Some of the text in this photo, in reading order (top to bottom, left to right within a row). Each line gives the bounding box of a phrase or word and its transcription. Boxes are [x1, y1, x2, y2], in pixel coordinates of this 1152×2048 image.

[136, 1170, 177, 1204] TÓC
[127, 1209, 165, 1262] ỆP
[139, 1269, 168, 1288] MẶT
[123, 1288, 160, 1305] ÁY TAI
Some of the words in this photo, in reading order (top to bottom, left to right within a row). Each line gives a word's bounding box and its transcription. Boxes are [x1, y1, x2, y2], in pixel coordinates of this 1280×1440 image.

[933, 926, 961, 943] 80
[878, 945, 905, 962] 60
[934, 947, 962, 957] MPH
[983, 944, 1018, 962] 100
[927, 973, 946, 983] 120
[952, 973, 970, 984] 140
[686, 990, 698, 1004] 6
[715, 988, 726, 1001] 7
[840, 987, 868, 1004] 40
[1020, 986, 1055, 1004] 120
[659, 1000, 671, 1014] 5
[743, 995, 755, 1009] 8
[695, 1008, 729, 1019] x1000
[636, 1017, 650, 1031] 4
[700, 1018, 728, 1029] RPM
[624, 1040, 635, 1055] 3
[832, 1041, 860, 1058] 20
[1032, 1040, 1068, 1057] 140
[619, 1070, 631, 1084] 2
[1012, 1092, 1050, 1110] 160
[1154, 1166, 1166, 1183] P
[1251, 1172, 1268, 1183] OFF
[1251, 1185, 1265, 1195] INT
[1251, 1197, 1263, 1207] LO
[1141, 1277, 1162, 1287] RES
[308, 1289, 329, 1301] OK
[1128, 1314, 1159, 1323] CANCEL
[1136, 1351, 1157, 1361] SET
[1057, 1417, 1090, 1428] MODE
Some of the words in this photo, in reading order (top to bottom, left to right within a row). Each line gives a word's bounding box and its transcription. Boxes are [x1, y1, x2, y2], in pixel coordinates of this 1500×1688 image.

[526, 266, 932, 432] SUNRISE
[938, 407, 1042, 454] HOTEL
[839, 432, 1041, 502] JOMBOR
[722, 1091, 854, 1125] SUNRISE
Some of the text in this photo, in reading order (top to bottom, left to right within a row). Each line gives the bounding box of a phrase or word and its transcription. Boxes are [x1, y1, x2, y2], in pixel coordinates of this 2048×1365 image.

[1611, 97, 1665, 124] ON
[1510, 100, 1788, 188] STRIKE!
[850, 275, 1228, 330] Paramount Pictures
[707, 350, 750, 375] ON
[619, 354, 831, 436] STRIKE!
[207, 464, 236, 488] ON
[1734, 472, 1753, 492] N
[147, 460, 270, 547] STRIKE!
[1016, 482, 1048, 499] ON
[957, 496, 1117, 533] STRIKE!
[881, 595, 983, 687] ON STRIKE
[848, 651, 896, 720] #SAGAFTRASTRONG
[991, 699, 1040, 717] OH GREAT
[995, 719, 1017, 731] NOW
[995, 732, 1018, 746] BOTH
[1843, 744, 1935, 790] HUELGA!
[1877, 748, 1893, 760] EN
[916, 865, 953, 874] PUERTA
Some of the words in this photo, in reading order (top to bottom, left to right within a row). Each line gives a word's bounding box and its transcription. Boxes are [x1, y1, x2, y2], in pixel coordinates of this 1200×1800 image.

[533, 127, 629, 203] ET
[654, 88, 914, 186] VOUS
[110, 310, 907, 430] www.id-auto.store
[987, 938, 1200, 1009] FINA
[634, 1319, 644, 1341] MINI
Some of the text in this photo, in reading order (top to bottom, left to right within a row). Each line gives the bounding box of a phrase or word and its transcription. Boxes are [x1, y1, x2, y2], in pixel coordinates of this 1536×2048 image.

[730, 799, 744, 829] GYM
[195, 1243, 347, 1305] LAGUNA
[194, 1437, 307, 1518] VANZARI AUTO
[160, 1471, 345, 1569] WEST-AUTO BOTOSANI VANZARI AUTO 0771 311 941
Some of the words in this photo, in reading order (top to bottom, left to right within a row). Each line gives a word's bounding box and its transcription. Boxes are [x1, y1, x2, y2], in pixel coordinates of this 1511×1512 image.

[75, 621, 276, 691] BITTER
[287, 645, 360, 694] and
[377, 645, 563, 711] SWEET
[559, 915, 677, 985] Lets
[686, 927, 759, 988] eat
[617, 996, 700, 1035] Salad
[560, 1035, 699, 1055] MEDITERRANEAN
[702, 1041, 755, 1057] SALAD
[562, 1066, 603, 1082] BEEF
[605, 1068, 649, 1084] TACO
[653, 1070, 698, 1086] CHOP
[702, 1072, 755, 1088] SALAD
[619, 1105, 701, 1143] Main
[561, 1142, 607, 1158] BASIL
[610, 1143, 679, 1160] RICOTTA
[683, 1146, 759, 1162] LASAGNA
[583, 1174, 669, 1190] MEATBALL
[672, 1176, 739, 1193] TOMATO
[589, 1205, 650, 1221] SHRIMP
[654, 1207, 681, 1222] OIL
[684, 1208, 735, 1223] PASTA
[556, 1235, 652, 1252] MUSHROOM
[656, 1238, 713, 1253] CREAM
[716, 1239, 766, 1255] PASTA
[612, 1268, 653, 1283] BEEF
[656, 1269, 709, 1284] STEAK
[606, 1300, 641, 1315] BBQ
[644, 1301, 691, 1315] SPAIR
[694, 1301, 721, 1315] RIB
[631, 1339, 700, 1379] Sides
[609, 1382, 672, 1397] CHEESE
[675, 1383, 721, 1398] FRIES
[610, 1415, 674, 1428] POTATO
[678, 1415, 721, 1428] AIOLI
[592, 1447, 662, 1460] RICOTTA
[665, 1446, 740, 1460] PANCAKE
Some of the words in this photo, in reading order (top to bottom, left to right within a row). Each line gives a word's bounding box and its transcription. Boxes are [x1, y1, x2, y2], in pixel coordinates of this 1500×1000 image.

────────────────────────────────────────

● What you should do: Reproduce the full listing exactly.

● Task result:
Some of the text in this photo, in reading order (top to bottom, left to right within a row). Each line gives the bounding box of a phrase or word and its transcription. Boxes are [x1, y1, x2, y2], in pixel coordinates of this 1152×2048 image.

[136, 1170, 177, 1204] TÓC
[127, 1209, 165, 1262] ỆP
[139, 1269, 168, 1288] MẶT
[123, 1288, 160, 1305] ÁY TAI
Some of the words in this photo, in reading order (top to bottom, left to right within a row). Each line gives a word's bounding box and its transcription. Boxes are [x1, y1, x2, y2], in pixel coordinates of this 1280×1440 image.

[933, 926, 961, 943] 80
[878, 945, 905, 962] 60
[934, 947, 962, 957] MPH
[983, 944, 1018, 962] 100
[927, 973, 946, 983] 120
[952, 973, 970, 984] 140
[686, 990, 698, 1004] 6
[715, 988, 726, 1001] 7
[840, 987, 868, 1004] 40
[1020, 986, 1055, 1004] 120
[659, 1000, 671, 1014] 5
[743, 995, 755, 1009] 8
[695, 1008, 729, 1019] x1000
[636, 1017, 650, 1031] 4
[700, 1018, 728, 1029] RPM
[624, 1040, 635, 1055] 3
[832, 1041, 860, 1058] 20
[1032, 1040, 1068, 1057] 140
[619, 1070, 631, 1084] 2
[1012, 1092, 1050, 1110] 160
[1154, 1166, 1166, 1183] P
[1251, 1172, 1268, 1183] OFF
[1251, 1185, 1265, 1195] INT
[1251, 1197, 1263, 1207] LO
[1141, 1277, 1162, 1287] RES
[308, 1289, 329, 1301] OK
[1128, 1314, 1159, 1323] CANCEL
[1136, 1351, 1157, 1361] SET
[1057, 1417, 1090, 1428] MODE
Some of the words in this photo, in reading order (top to bottom, left to right within a row). Each line gives a word's bounding box and its transcription. Boxes are [x1, y1, x2, y2], in pixel coordinates of this 1500×1688 image.

[526, 266, 932, 432] SUNRISE
[938, 407, 1042, 454] HOTEL
[839, 432, 1041, 502] JOMBOR
[722, 1091, 854, 1125] SUNRISE
Some of the text in this photo, in reading order (top to bottom, left to right within a row). Each line gives the bounding box of a phrase or word and its transcription. Boxes are [x1, y1, x2, y2], in pixel coordinates of this 2048×1365 image.

[1611, 97, 1665, 124] ON
[1510, 100, 1788, 188] STRIKE!
[850, 275, 1228, 330] Paramount Pictures
[707, 350, 750, 375] ON
[619, 354, 831, 436] STRIKE!
[207, 464, 236, 488] ON
[1734, 472, 1753, 492] N
[147, 460, 270, 547] STRIKE!
[1016, 482, 1048, 499] ON
[957, 496, 1117, 533] STRIKE!
[881, 595, 983, 687] ON STRIKE
[848, 651, 896, 720] #SAGAFTRASTRONG
[991, 699, 1040, 717] OH GREAT
[995, 719, 1017, 731] NOW
[995, 732, 1018, 746] BOTH
[1843, 744, 1935, 790] HUELGA!
[1877, 748, 1893, 760] EN
[916, 865, 953, 874] PUERTA
Some of the words in this photo, in reading order (top to bottom, left to right within a row). Each line gives a word's bounding box and its transcription. Boxes are [x1, y1, x2, y2], in pixel coordinates of this 1200×1800 image.

[533, 127, 629, 203] ET
[654, 88, 914, 186] VOUS
[110, 310, 907, 430] www.id-auto.store
[987, 938, 1200, 1009] FINA
[634, 1319, 644, 1341] MINI
Some of the text in this photo, in reading order (top to bottom, left to right within a row). Each line gives the bounding box of a phrase or word and its transcription. Boxes are [x1, y1, x2, y2], in pixel coordinates of this 1536×2048 image.

[730, 799, 744, 829] GYM
[195, 1243, 347, 1305] LAGUNA
[194, 1437, 307, 1518] VANZARI AUTO
[160, 1471, 345, 1569] WEST-AUTO BOTOSANI VANZARI AUTO 0771 311 941
Some of the words in this photo, in reading order (top to bottom, left to right within a row). Each line gives a word's bounding box and its transcription. Boxes are [x1, y1, x2, y2], in pixel coordinates of this 1511×1512 image.

[75, 621, 276, 691] BITTER
[287, 645, 360, 694] and
[377, 645, 563, 711] SWEET
[559, 915, 677, 985] Lets
[686, 927, 759, 988] eat
[617, 996, 700, 1035] Salad
[560, 1035, 699, 1055] MEDITERRANEAN
[702, 1041, 755, 1057] SALAD
[562, 1066, 603, 1082] BEEF
[605, 1068, 649, 1084] TACO
[653, 1070, 698, 1086] CHOP
[702, 1072, 755, 1088] SALAD
[619, 1105, 701, 1143] Main
[561, 1142, 607, 1158] BASIL
[610, 1143, 679, 1160] RICOTTA
[683, 1146, 759, 1162] LASAGNA
[583, 1174, 669, 1190] MEATBALL
[672, 1176, 739, 1193] TOMATO
[589, 1205, 650, 1221] SHRIMP
[654, 1207, 681, 1222] OIL
[684, 1208, 735, 1223] PASTA
[556, 1235, 652, 1252] MUSHROOM
[656, 1238, 713, 1253] CREAM
[716, 1239, 766, 1255] PASTA
[612, 1268, 653, 1283] BEEF
[656, 1269, 709, 1284] STEAK
[606, 1300, 641, 1315] BBQ
[644, 1301, 691, 1315] SPAIR
[694, 1301, 721, 1315] RIB
[631, 1339, 700, 1379] Sides
[609, 1382, 672, 1397] CHEESE
[675, 1383, 721, 1398] FRIES
[610, 1415, 674, 1428] POTATO
[678, 1415, 721, 1428] AIOLI
[592, 1447, 662, 1460] RICOTTA
[665, 1446, 740, 1460] PANCAKE
Some of the words in this photo, in reading order (top to bottom, left to right within a row). Each line gives a word's bounding box and its transcription. Boxes are [x1, y1, x2, y2], in pixel coordinates of this 1500×1000 image.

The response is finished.